Denial of right to bail
Dheerujlall Seetulsingh brushed aside the internationally reported human rights violations of Muhammad Cehl Fakeemeeah (also called Cehl Meeah), the leader of the now defunct Mauritian Hizbullah Islamic party, who was arrested in December 2000 upon the uncorroborated allegations of one or more self-confessed criminals and kept in police custody for nearly three years without bail (during which time he was tortured). Amnesty International commented on this case in its 2002 Report. The UK based Islamic Human Rights Commission also commented in great length on the plight of Cehl Meeah against whom all charges were dropped in 2003. However, Dheerujlall Seetulsingh is not only silent on the matter, but he proposed no amendment to the constitution to prevent such violation either. Nor does he propose the repeal of the post US 9/11 « Prevention of Terrorism Act 2002 » (PoTA), a piece of legislation in breach of human rights and designed primarily to target Muslims in Mauritius in the aftermath of 9/11 and which law former President Cassam Uteem rightly refused to give assent to and resigned.

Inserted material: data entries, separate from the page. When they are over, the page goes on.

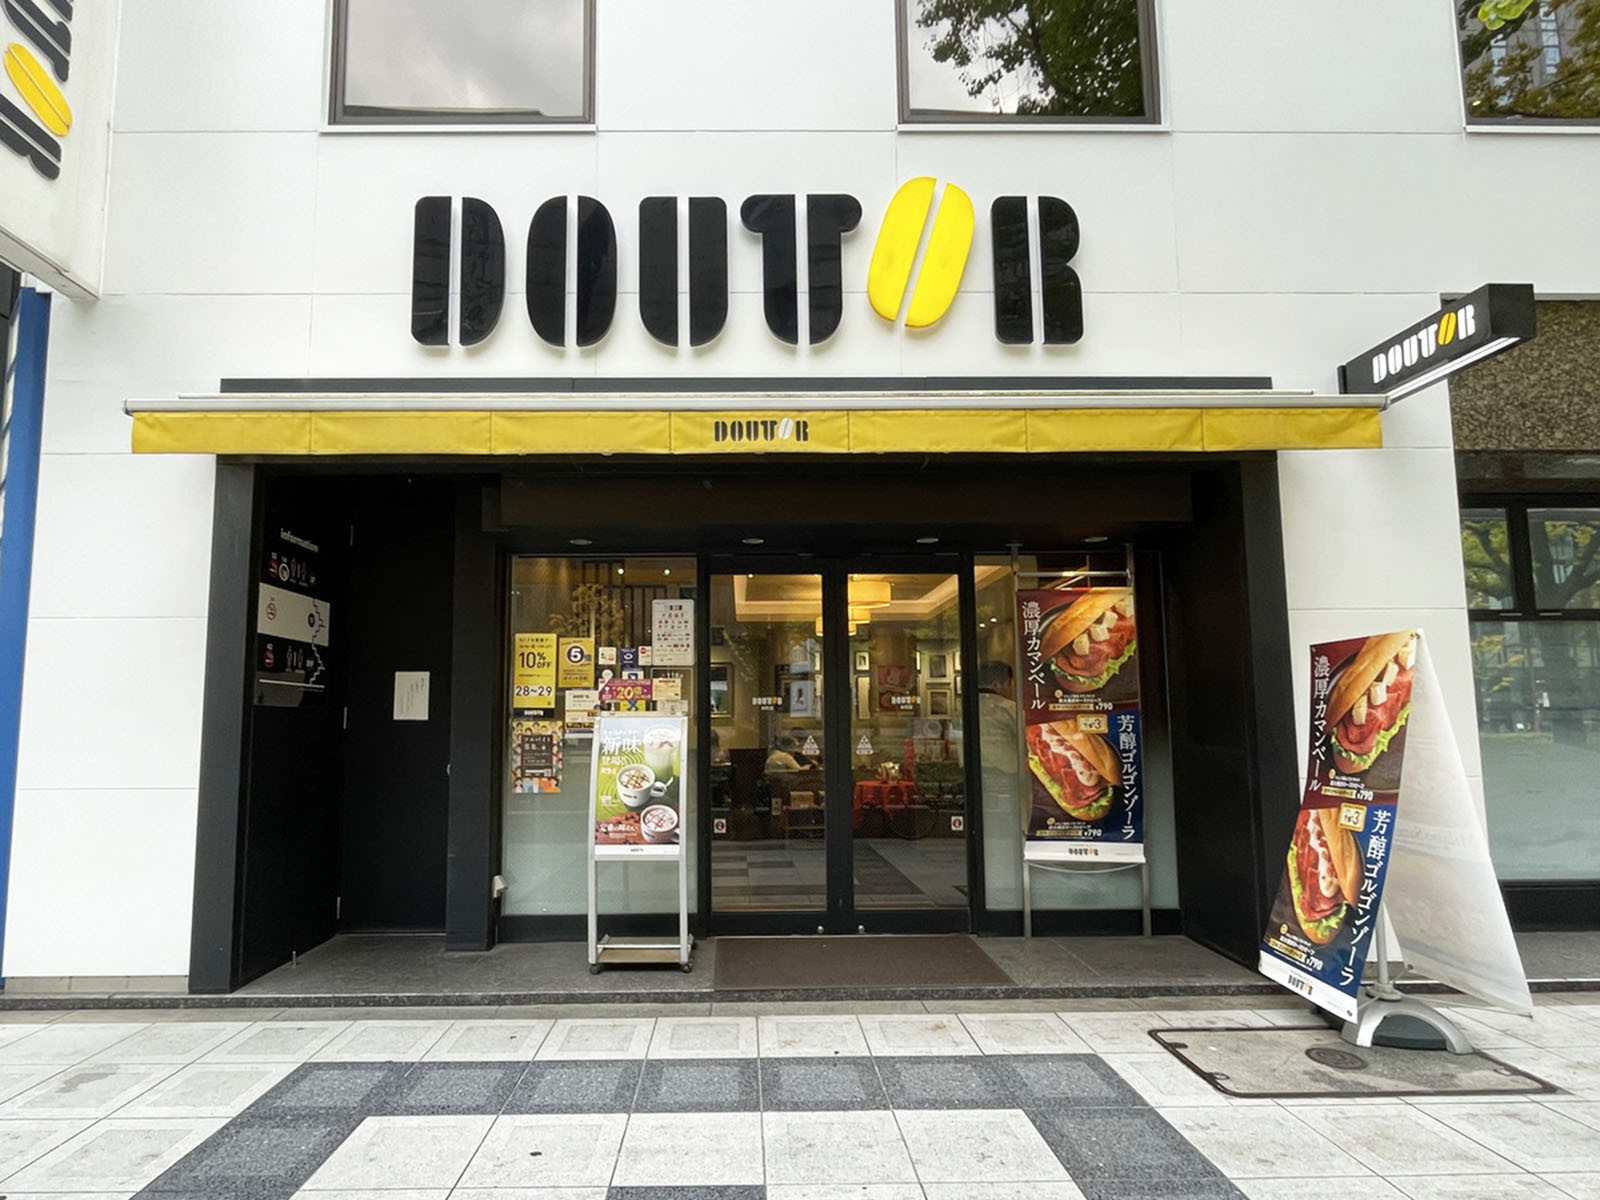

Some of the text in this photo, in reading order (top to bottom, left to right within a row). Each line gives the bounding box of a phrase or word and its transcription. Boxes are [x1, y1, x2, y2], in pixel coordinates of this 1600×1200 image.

[411, 176, 1084, 347] DOUTOR
[1372, 304, 1476, 384] DOUTOR
[714, 417, 808, 442] DOUTOR
[1022, 601, 1046, 710] 濃厚カマンベール
[1117, 714, 1139, 840] 芳醇ゴルゴンゾーラ
[1308, 655, 1330, 791] 濃厚カマンベール
[1339, 810, 1392, 986] 芳醇ゴルゴンゾーラ

In his 2008 Human Rights Report, Dheerujlall Seetulsingh makes no recommendation for the protection of the rights and interests of adopted children, but chose to make ultra vires recommendations on social and economic rights, on positive discrimination in favour of women politicians, and so on. How does he propose to force women to do politics, force political parties to select women candidates and force voters to vote for them ? Is it proper for the Chairperson of the National Human Rights Commission to advocate any form of prejudice or discrimination?
Pro-DNA database and pro-discrimination Dheerujlall Seetulsingh appears to obtain his inspiration from human rights violators from countries like Egypt, a brutal dictatorship under Mubarak, South Africa, a country still grappling with the fallout of apartheid, France, an intrinsically racist country violating Human Rights, especially of Muslims, every single day, as he specifically mentioned those countries as examples to follow in matters of ‘human rights’. His refusal letter against the right of an adopted orphan to officially bear the surname of her adoptive Father because of a racist caste system and religious discrimination needs no further explanation. In view of such bias and prejudice, can Dheerujlall Seetulsingh be regarded as defending the Human rights of every citizen? Furthermore, his 2008 Report contains too many obvious flaws and ulra vires comments and recommendations that he should, in the public interest, resign as Chairperson of the Human Rights Commission of Mauritius.